START Supplied material

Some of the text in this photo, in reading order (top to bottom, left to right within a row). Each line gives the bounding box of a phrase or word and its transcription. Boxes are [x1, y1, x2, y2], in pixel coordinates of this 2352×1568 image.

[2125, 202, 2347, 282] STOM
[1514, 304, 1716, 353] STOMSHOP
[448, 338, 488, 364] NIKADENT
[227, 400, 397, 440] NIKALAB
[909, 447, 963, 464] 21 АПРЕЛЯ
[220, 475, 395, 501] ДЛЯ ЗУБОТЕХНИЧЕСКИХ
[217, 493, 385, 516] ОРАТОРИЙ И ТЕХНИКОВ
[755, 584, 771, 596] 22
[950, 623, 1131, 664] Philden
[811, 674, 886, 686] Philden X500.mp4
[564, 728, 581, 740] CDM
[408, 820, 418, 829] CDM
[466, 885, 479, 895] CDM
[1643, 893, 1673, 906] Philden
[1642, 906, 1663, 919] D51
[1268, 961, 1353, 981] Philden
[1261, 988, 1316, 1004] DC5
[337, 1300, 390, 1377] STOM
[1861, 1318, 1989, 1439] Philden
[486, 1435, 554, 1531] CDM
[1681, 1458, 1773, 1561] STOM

END Supplied material

In full and word for word, reproduce the data above.

Some of the text in this photo, in reading order (top to bottom, left to right within a row). Each line gives the bounding box of a phrase or word and its transcription. Boxes are [x1, y1, x2, y2], in pixel coordinates of this 2352×1568 image.

[2125, 202, 2347, 282] STOM
[1514, 304, 1716, 353] STOMSHOP
[448, 338, 488, 364] NIKADENT
[227, 400, 397, 440] NIKALAB
[909, 447, 963, 464] 21 АПРЕЛЯ
[220, 475, 395, 501] ДЛЯ ЗУБОТЕХНИЧЕСКИХ
[217, 493, 385, 516] ОРАТОРИЙ И ТЕХНИКОВ
[755, 584, 771, 596] 22
[950, 623, 1131, 664] Philden
[811, 674, 886, 686] Philden X500.mp4
[564, 728, 581, 740] CDM
[408, 820, 418, 829] CDM
[466, 885, 479, 895] CDM
[1643, 893, 1673, 906] Philden
[1642, 906, 1663, 919] D51
[1268, 961, 1353, 981] Philden
[1261, 988, 1316, 1004] DC5
[337, 1300, 390, 1377] STOM
[1861, 1318, 1989, 1439] Philden
[486, 1435, 554, 1531] CDM
[1681, 1458, 1773, 1561] STOM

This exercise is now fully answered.